In addition to the above schemes, the Local Authority Discretionary Grants Fund has been established to support small and micro businesses based in England which are not eligible for other grant schemes. This fund is allocated at the discretion of local councils, but the government has asked them to prioritise small businesses in shared workspaces, market traders, bed and breakfasts paying council tax not business rates and charity properties getting charity business rates relief which are not eligible for small business rates relief or rural rate relief. Details are available from local councils’ websites.
Coronavirus Business Interruption Loan Scheme and Coronavirus Larger Business Interruption Loan Scheme
The government has announced the introduction of a temporary Coronavirus Business Interruption Loan Scheme (CBILS) to support small and medium-sized businesses and also, responding to initial concerns that a large selection of UK firms (those businesses with turnover of more than £45m but which, for a variety of reasons, are not investment grade) were without support, through the subsequently announced Coronavirus Large Business Interruption Loan Scheme (CLBILS).
The CBILS will temporarily replace the Enterprise Finance Guarantee for SME overdrafts.

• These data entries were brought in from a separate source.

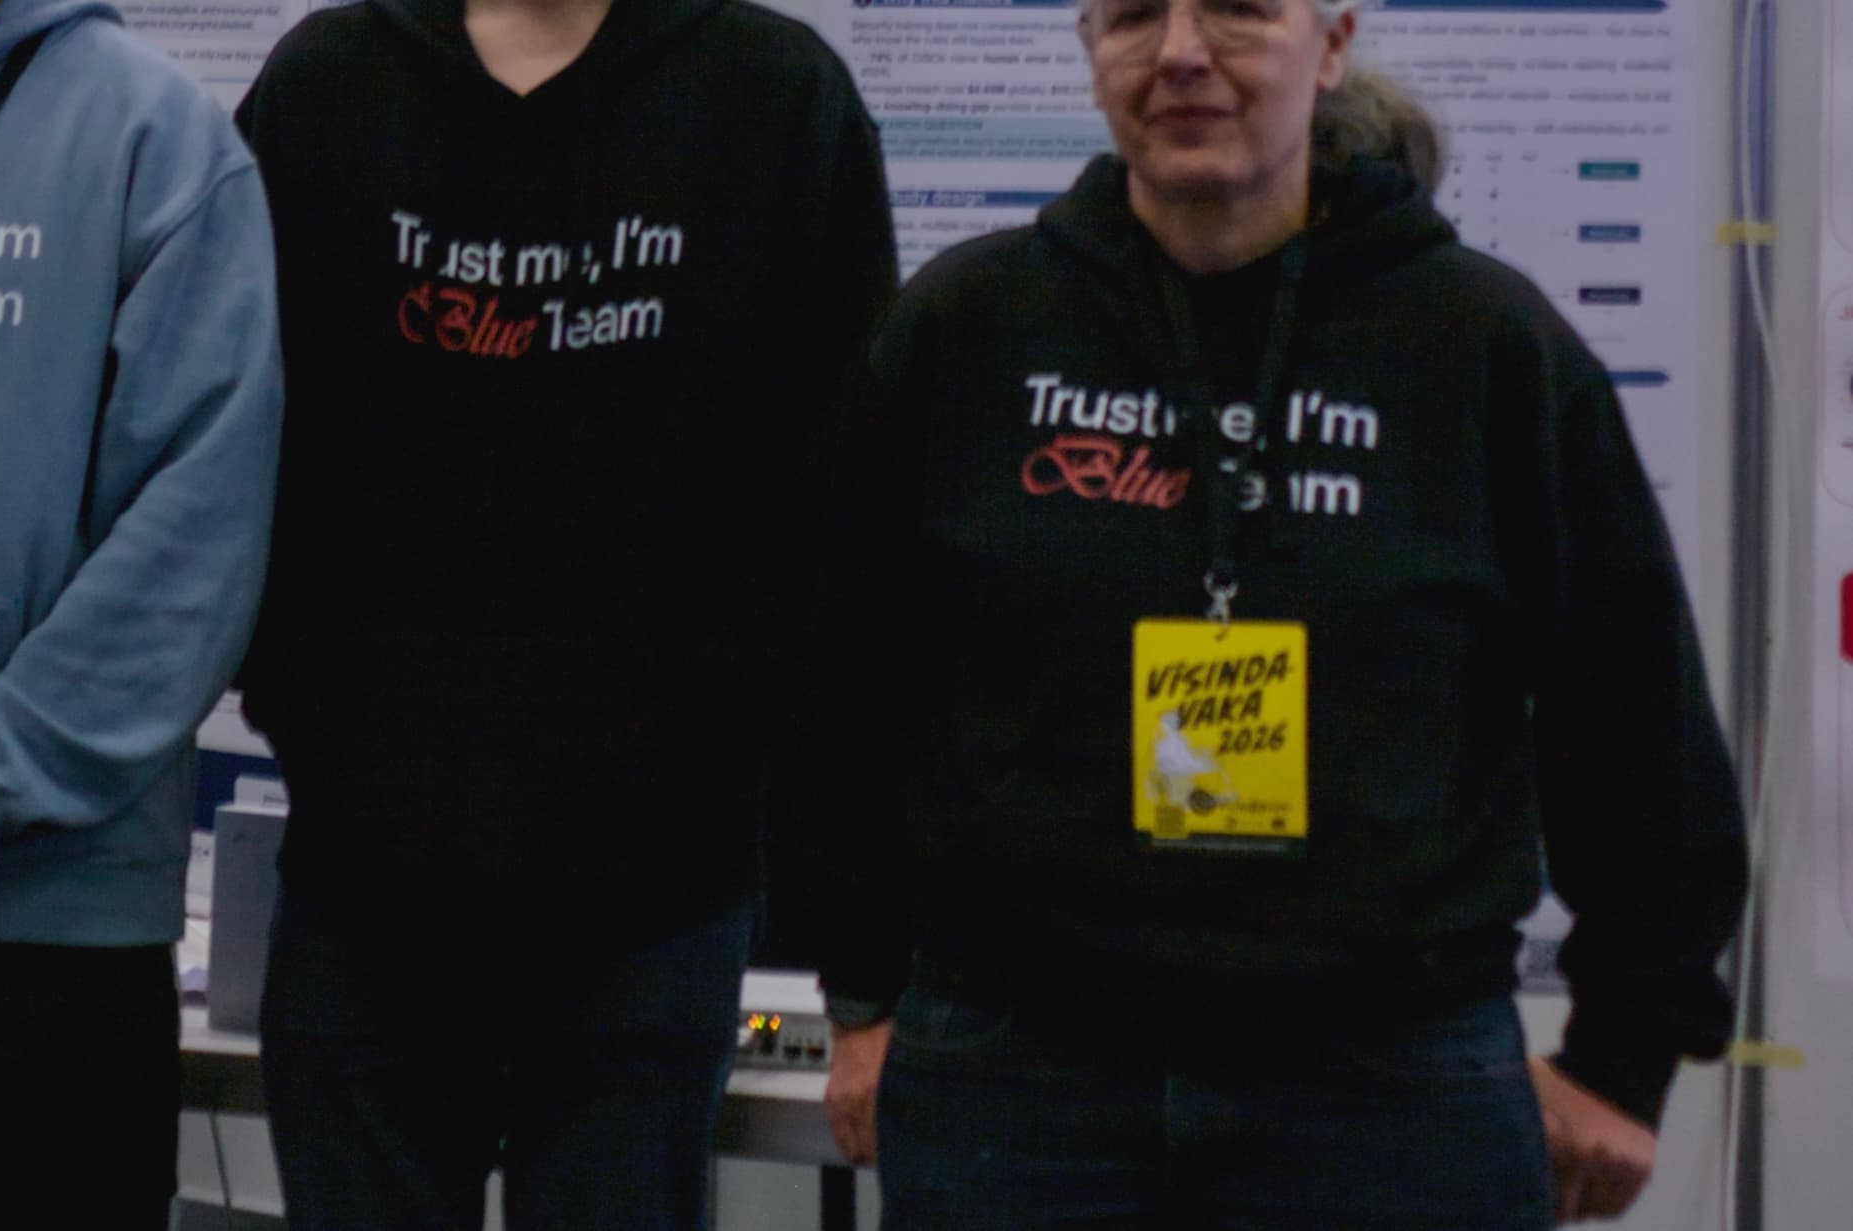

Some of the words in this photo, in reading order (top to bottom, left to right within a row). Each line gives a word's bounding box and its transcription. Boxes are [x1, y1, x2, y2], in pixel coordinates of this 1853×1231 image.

[891, 191, 927, 208] tudy
[612, 215, 683, 270] I'm
[1024, 373, 1159, 438] Trust
[1285, 390, 1379, 450] I'm
[1021, 432, 1193, 511] Blue
[1177, 688, 1264, 731] VAKA
[1217, 721, 1288, 757] 2026
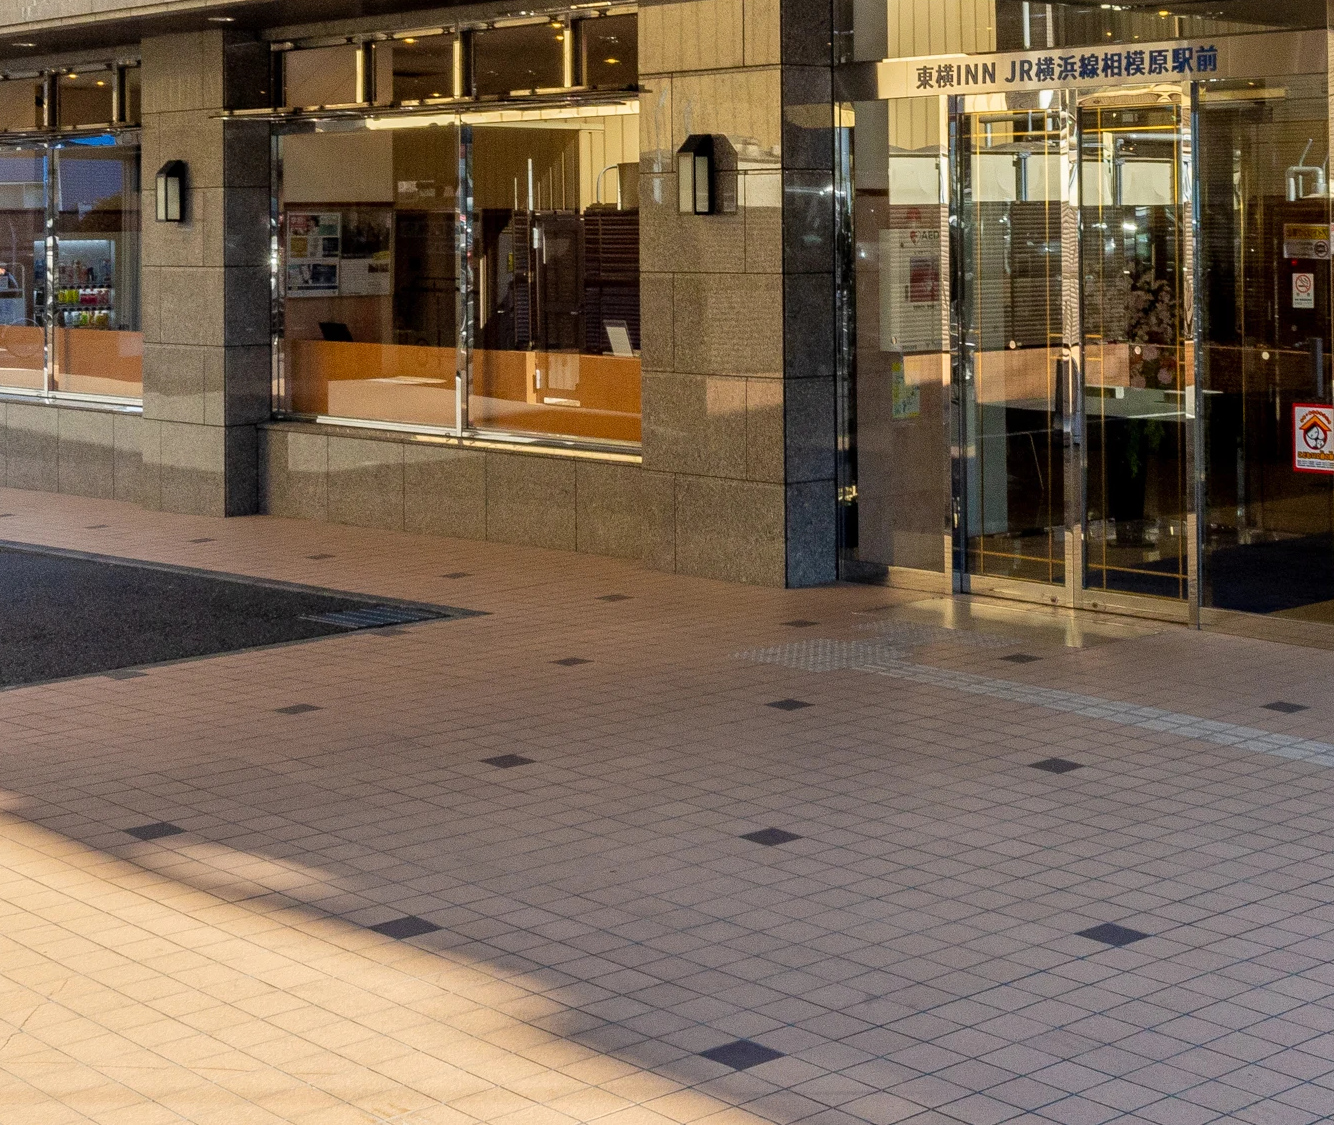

Following feedback on the initial set up from UK businesses, the government has significantly expanded the scope of CBILS, with effect from 6th April 2020, to facilitate access to emergency funding by a greater number of UK businesses:
- the scheme has now been made accessible to businesses which would not previously have been eligible because they met the requirements for a standard commercial facility; insufficient security is no longer a condition;
- banks are no longer permitted to require personal guarantees for loans of up to £250,000. Although loans of over £250,000 may require a personal guarantee, this cannot include the Principal Private Residence and recovery is capped at 20% of the outstanding CBILS balance after the proceeds of business assets have been applied.
Under CBILS the government will provide lenders with a guarantee of 80% on each loan (subject to a cap on claims applying to each lender) to give lenders further confidence in continuing to provide finance to SMEs during the COVID-19 pandemic. The government will not charge businesses or banks for this guarantee and the Scheme will support facilities from £1,000 up to £5 million in value. Finance terms are from three months up to six years for term loans and asset finance and up to three years for revolving facilities and invoice finance. The Government will make a Business Interruption Payment to cover the first 12 months of interest payments and fees. The borrower will remain fully liable for the debt.
The CBILS covers a variety of types of finance, including:
- term facilities
- invoice finance facilities
- asset finance facilities
To be eligible for the CBILS, the small business must meet the following criteria:
- be UK based, with turnover of no more than £45 million per annum;
- operate within an eligible industrial sector (a small number of industrial sectors are not eligible for support, including banks and insurance providers) and generate more than 50% of its turnover from trading activity;
- have a sound borrowing proposal. Demonstration of this is likely to require provision of the following:
- Up to date Statutory Accounts;
- Current Management Accounts;
- Up to date P&L and Balance Sheets and updated forecasts.
- be able to confirm that they have not received other public support of de minimis state aid beyond €200,000 equivalent over the previous three years and that the facility will be used to support primarily trading in the UK.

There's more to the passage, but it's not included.